>>
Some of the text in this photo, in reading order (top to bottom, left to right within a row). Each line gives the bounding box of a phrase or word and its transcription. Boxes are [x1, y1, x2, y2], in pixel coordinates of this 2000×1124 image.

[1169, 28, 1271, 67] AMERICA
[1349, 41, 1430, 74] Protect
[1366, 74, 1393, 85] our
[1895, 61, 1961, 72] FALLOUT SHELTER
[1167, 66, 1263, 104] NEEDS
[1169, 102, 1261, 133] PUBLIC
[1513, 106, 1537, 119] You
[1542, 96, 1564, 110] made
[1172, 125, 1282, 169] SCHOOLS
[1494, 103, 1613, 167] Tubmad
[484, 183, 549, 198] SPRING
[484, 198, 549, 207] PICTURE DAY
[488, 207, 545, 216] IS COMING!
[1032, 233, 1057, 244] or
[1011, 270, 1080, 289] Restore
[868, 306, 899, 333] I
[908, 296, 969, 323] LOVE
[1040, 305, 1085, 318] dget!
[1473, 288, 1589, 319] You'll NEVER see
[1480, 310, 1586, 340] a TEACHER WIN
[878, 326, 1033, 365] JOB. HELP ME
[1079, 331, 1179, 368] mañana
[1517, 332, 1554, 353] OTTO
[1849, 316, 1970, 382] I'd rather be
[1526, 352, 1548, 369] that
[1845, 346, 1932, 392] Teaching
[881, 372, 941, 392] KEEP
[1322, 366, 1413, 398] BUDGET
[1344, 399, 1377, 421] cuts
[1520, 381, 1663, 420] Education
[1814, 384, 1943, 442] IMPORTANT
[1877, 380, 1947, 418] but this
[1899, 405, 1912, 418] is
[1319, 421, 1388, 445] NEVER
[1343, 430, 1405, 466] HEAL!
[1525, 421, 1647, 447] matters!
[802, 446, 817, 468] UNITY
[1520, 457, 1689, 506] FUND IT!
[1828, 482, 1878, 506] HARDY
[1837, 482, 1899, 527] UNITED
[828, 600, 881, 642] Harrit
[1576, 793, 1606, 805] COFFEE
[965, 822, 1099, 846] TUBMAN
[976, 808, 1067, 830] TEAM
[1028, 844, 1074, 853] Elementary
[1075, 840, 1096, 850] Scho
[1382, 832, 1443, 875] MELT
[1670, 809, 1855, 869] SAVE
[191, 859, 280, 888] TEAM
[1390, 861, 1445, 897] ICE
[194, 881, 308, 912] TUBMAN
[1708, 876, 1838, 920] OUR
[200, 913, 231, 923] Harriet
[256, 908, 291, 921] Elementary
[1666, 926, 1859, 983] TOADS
<<
YOUR TASK: Please state how many lines of the material contain the word "TEAM", giving the number alone.

PROBLEM SOLUTION: 2